The administration would have to create a new rationale for adding the question and win the approval of a skeptical district court, which ruled that its stated reason for the question — to better enforce the Voting Rights Act — was a bald contrivance hiding some other motive.
“We are disappointed by the Supreme Court’s decision today,” said Kelly Laco, a spokeswoman for the Justice Department, which she said “will continue to defend this administration’s lawful exercises of executive power.”
The Commerce Department, which oversees the Census Bureau, did not have an immediate comment.
After the ruling on the citizenship question, President Trump took to Twitter to question why his administration was not allowed to ask what he called “a basic question” and said he was inquiring into whether the census could be postponed so that the justices could make a “final and decisive decision” on the matter.

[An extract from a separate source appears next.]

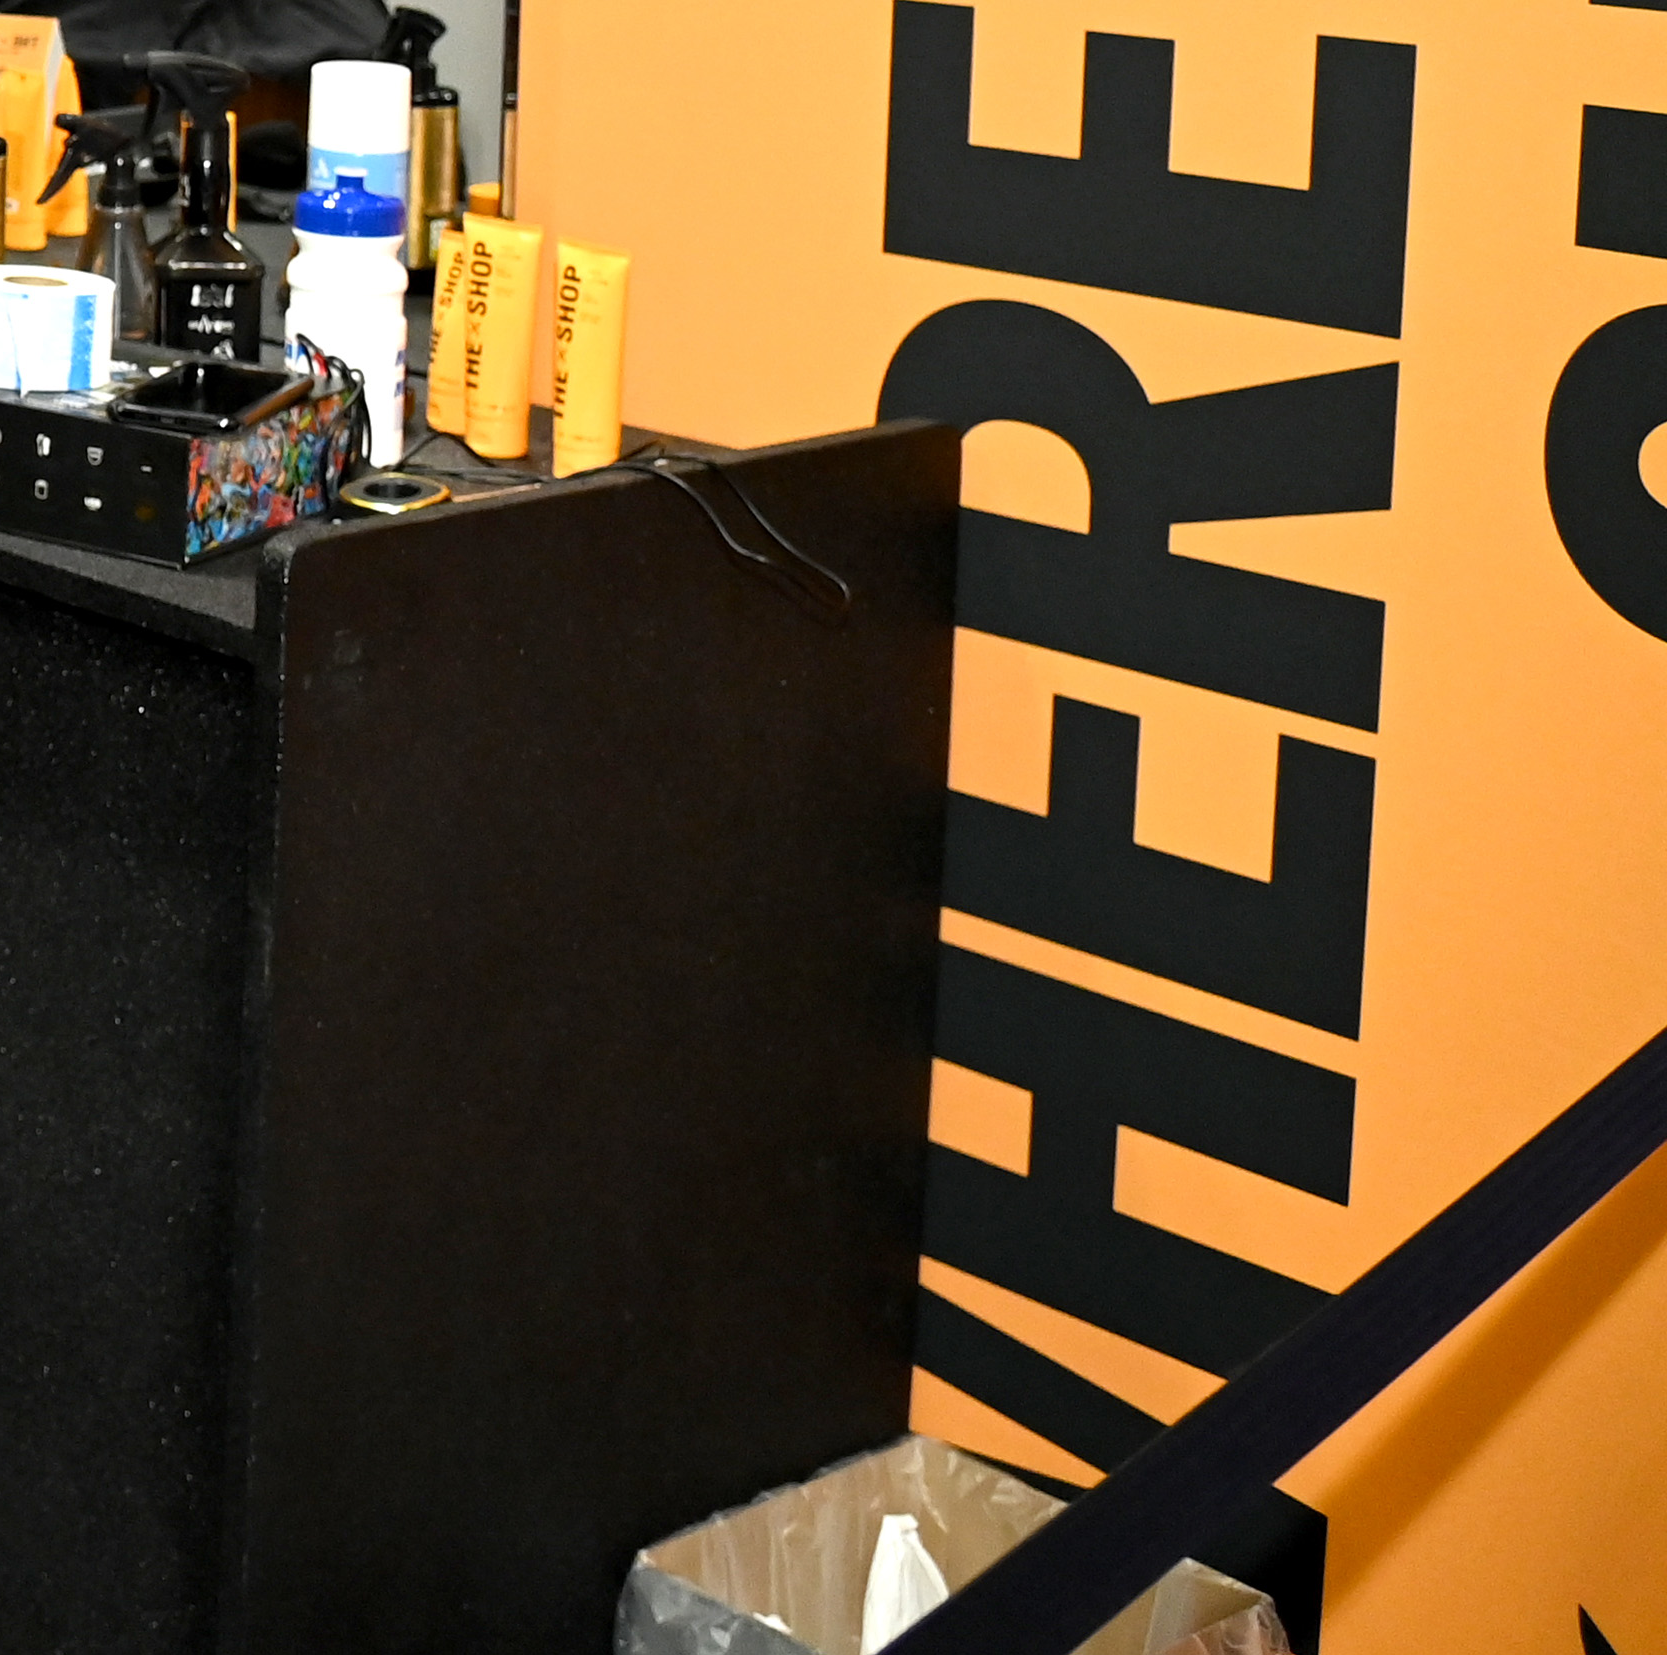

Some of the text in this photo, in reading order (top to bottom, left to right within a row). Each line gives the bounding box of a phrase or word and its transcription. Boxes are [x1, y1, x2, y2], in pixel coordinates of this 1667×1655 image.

[439, 251, 465, 308] SHOP
[468, 240, 494, 317] SHOP
[556, 264, 582, 343] SHOP

But the issue could take months to resolve.
A second census lawsuit was reopened this month in federal court in Maryland, where opponents of the question claim that new evidence proves that the question is an unconstitutional effort to discriminate against Hispanics for political gain. That proceeding, which the justices made no effort to stop on Thursday, appears likely to stretch at least into late August.
In theory, the government could clear those barriers, appeal any adverse rulings and still tack the question onto the 2020 questionnaire, Cary Coglianese, a law professor who directs the Penn Program on Regulation at the University of Pennsylvania, said on Thursday. “But I struggle to see the path by which the citizenship question ends up on the 2020 census form,” he added.
In their rulings on Thursday, the justices stated pointedly that their decisions were legal opinions, not political ones.